Wednesday's Top 10 with NZ Mint: Der Spiegel argues for 'Grexit'; How Greece might default; China may have purged internal security boss Zhou Yongkang; How US, America (and NZ?) are turning Japanese; Dilbert

Here's my Top 10 links from around the Internet at 3.30 pm in association with NZ Mint.

I welcome your additions in the comments below or via email to bernard.hickey@interest.co.nz.

I'll pop the extras into the comment stream. See all previous Top 10s here.

My must read today is #5 on why British and American bond yields are falling despite blowouts in government deficits. They're turning Japanese with balance sheet recessions that force households to buy government bonds.

1. What the Germans think - Der Spiegel writes a long argument here in favour of Greece leaving the euro.

This is turning into an awfully dangerous game of chicken.

The Greeks are saying they want to drop the austerity AND stay in the Euro. The Germans say the euro can handle it if the Greeks leave.

Meanwhile, Southern European bonds are selling off like crazy in a silent bank run that could bring down the Euro...

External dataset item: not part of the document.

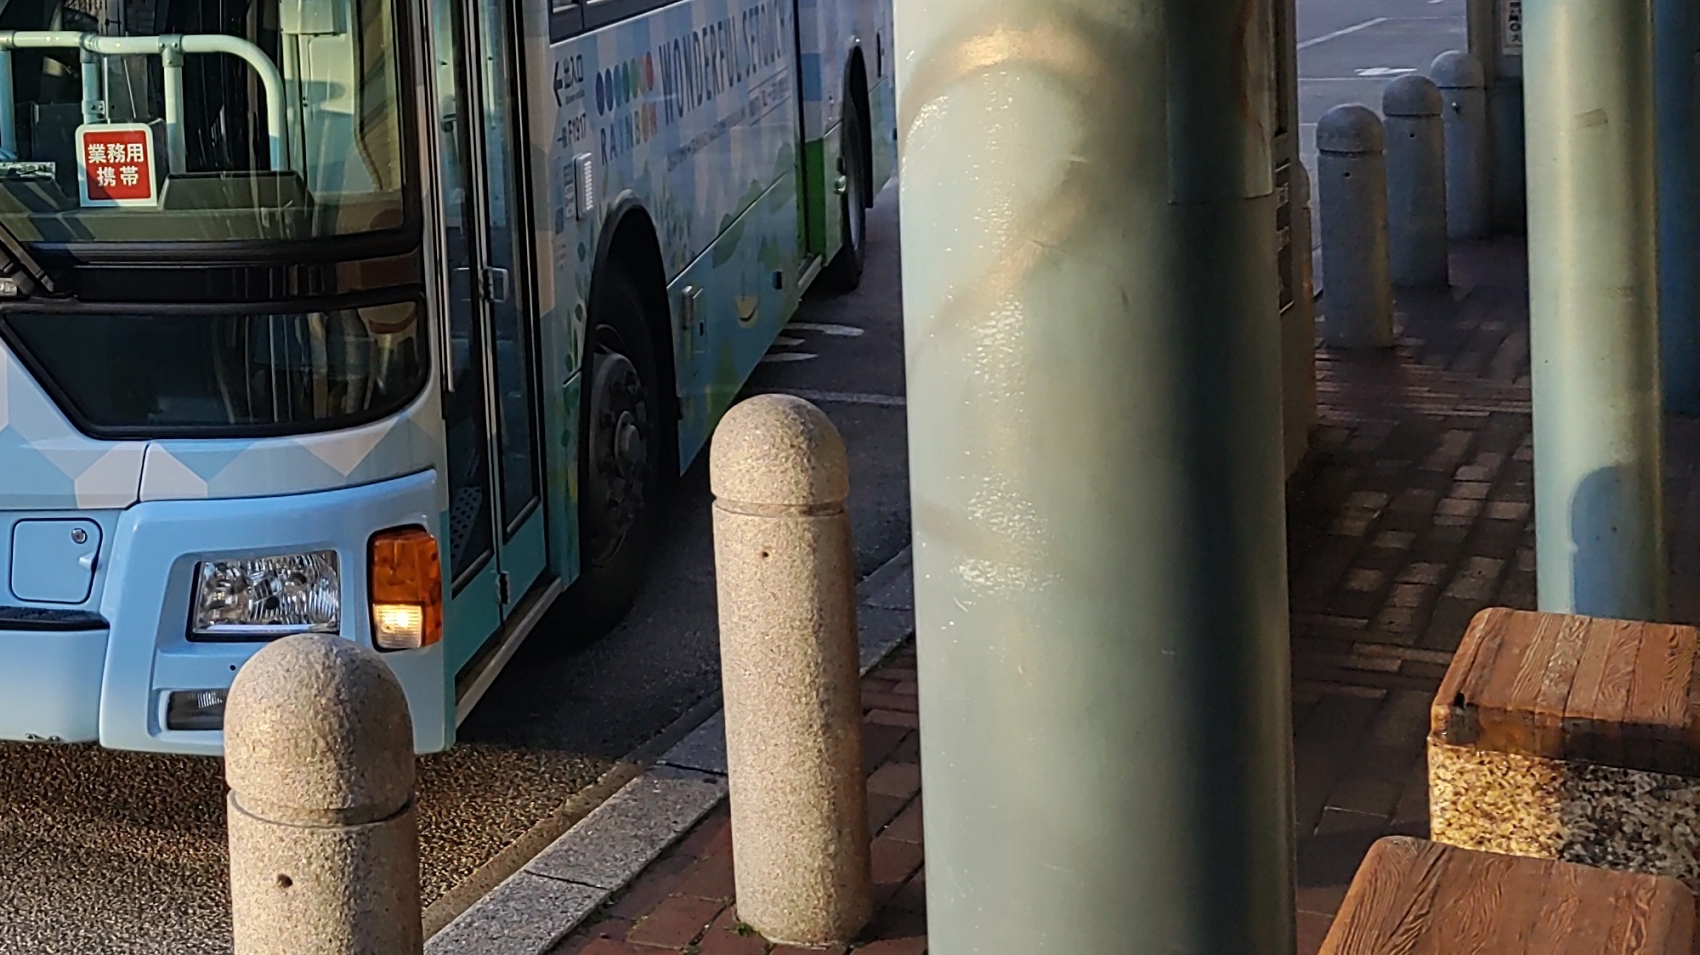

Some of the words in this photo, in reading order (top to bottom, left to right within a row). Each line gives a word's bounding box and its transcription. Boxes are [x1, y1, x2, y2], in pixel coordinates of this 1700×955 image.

[88, 142, 144, 164] 業務用
[96, 166, 139, 187] 携帯
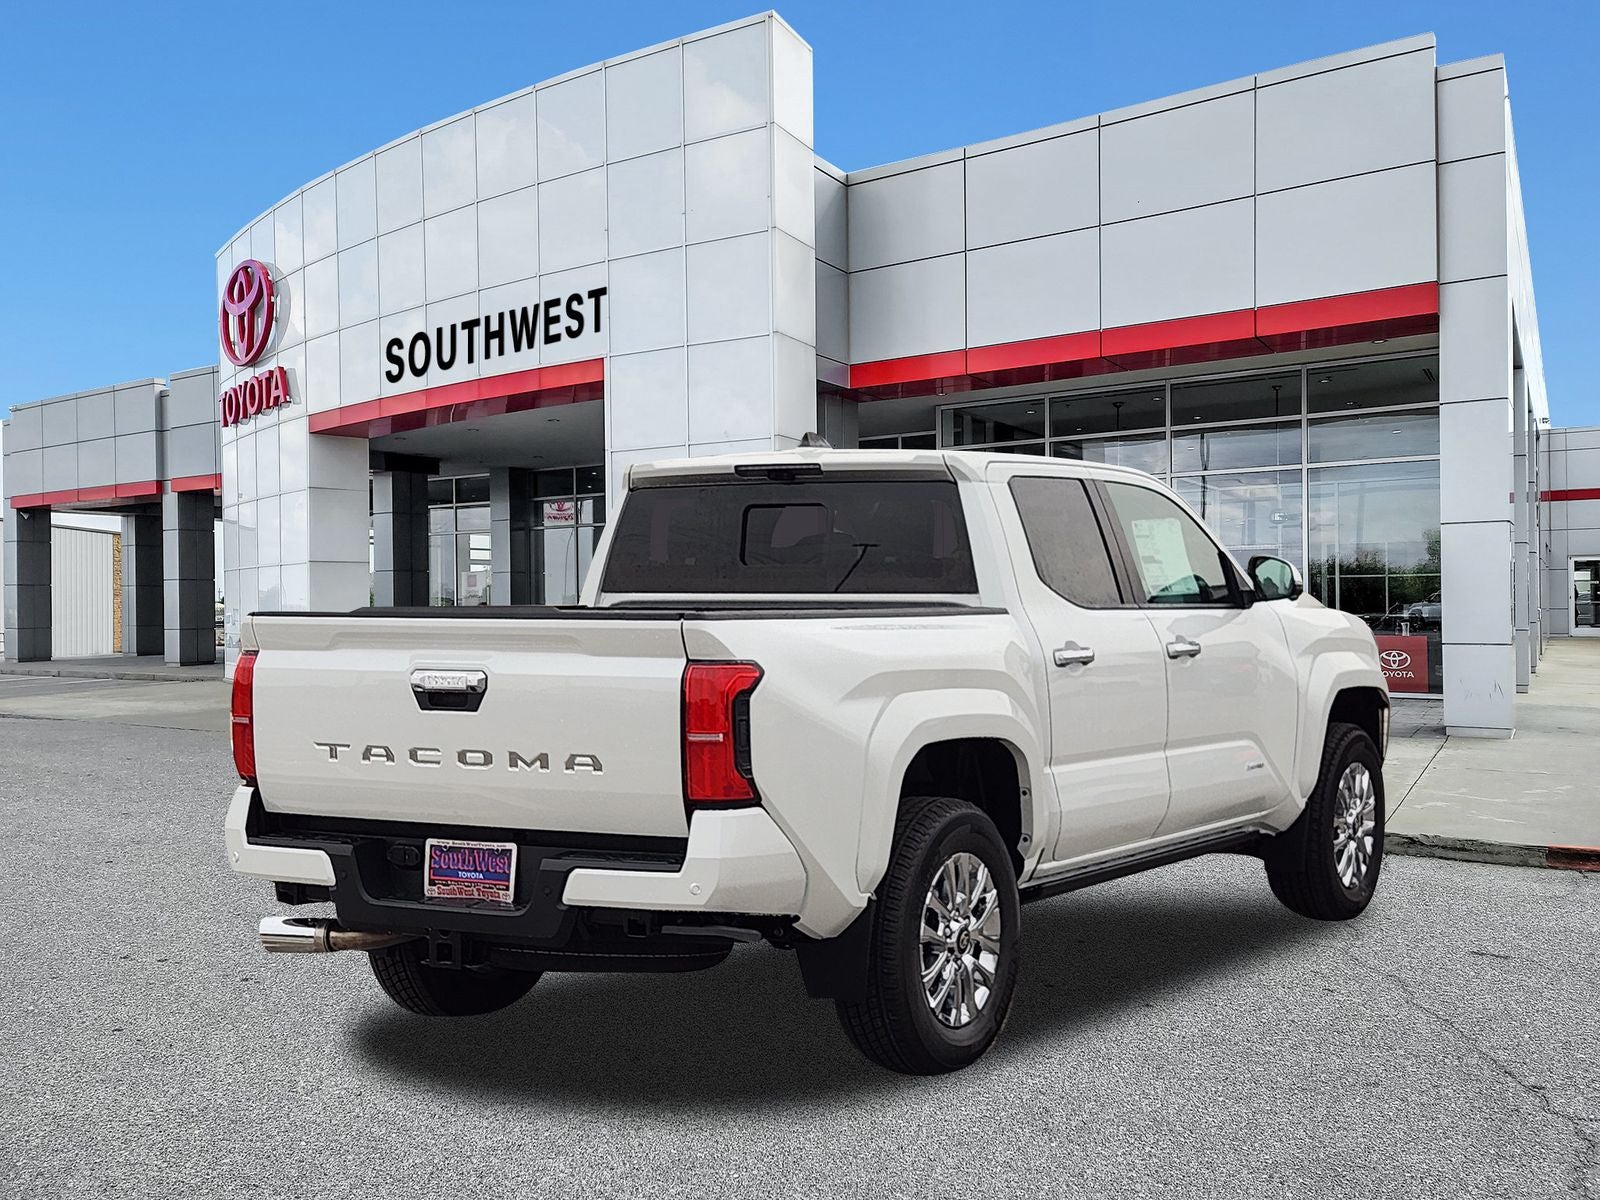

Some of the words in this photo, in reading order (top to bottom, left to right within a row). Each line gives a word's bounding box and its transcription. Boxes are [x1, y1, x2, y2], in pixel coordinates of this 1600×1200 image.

Who's going to blink first?

And even if they do, will it be too late to put the fear and loathing and bank runs back in the bottle?

Here's today's exciting episode courtesy of Germany's most influential magazine:

After Greek voters rejected austerity in last week's election, plunging the country into a political crisis, Europe has been searching for a Plan B for Greece. It's time to admit that the EU/IMF rescue plan has failed. Greece's best hopes now lie in a return to the drachma.

At the Chancellery in Berlin, the television images from Athens now remind Merkel's advisers of conditions in the ill-fated Weimar Republic of 1919-1933. Back then, the Germans perceived the Treaty of Versailles as a supposed "disgrace." Now, the Greeks feel the same way about the austerity measures imposed by Brussels. And, as in the 1920s in Germany, the situation in Greece today benefits fringe parties on both the left and the right. The country's political system is unraveling, and some advisers even fear that the tense situation could lead to a military coup.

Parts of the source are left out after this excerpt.